### Exercise
Output each entry exactly; skip nothing.

----

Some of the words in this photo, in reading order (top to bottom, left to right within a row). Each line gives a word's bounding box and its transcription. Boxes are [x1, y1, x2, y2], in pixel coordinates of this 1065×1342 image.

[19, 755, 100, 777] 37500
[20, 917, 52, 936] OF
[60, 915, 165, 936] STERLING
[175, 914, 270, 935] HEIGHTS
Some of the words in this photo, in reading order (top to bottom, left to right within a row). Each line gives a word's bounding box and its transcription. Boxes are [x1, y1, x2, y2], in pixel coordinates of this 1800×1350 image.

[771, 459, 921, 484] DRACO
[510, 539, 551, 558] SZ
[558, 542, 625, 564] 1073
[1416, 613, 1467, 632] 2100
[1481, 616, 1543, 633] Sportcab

----

### Answer area
Some of the words in this photo, in reading order (top to bottom, left to right within a row). Each line gives a word's bounding box and its transcription. Boxes are [x1, y1, x2, y2], in pixel coordinates of this 1065×1342 image.

[19, 755, 100, 777] 37500
[20, 917, 52, 936] OF
[60, 915, 165, 936] STERLING
[175, 914, 270, 935] HEIGHTS
Some of the words in this photo, in reading order (top to bottom, left to right within a row). Each line gives a word's bounding box and its transcription. Boxes are [x1, y1, x2, y2], in pixel coordinates of this 1800×1350 image.

[771, 459, 921, 484] DRACO
[510, 539, 551, 558] SZ
[558, 542, 625, 564] 1073
[1416, 613, 1467, 632] 2100
[1481, 616, 1543, 633] Sportcab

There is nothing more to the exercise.